_INFORMATION GIVEN_
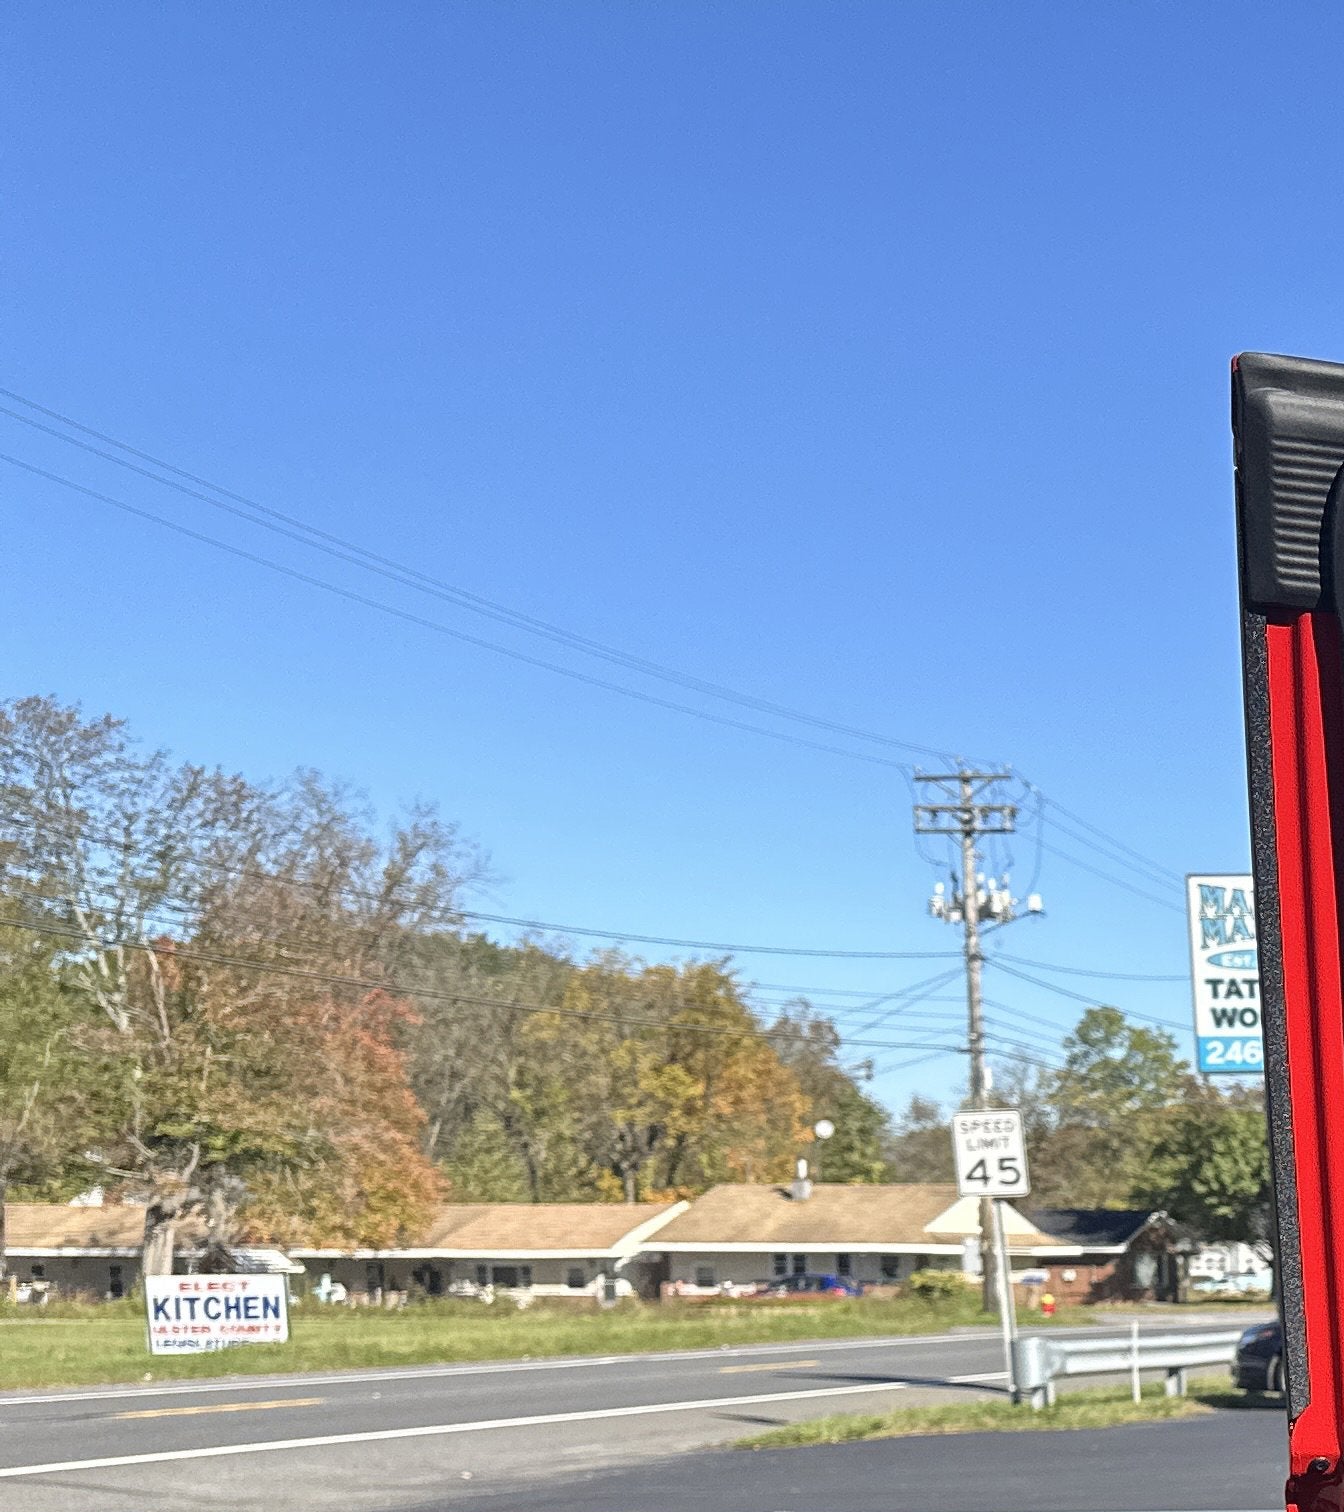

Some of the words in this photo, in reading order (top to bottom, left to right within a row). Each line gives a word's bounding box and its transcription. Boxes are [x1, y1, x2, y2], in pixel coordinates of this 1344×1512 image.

[1198, 884, 1254, 919] MA
[1200, 917, 1255, 950] MA
[1204, 978, 1259, 1000] TAT
[1211, 1007, 1260, 1028] WO
[1206, 1040, 1262, 1066] 246
[960, 1119, 1014, 1134] SPEED
[966, 1136, 1009, 1151] LIMIT
[966, 1157, 1021, 1187] 45
[179, 1281, 249, 1292] ELECT
[152, 1296, 281, 1321] KITCHEN

_ASSIGNED TASK_
An exact copy of the entries, minus the pictures, is what's needed here.

_RESULT FOR THIS EXERCISE_
Some of the words in this photo, in reading order (top to bottom, left to right within a row). Each line gives a word's bounding box and its transcription. Boxes are [x1, y1, x2, y2], in pixel coordinates of this 1344×1512 image.

[1198, 884, 1254, 919] MA
[1200, 917, 1255, 950] MA
[1204, 978, 1259, 1000] TAT
[1211, 1007, 1260, 1028] WO
[1206, 1040, 1262, 1066] 246
[960, 1119, 1014, 1134] SPEED
[966, 1136, 1009, 1151] LIMIT
[966, 1157, 1021, 1187] 45
[179, 1281, 249, 1292] ELECT
[152, 1296, 281, 1321] KITCHEN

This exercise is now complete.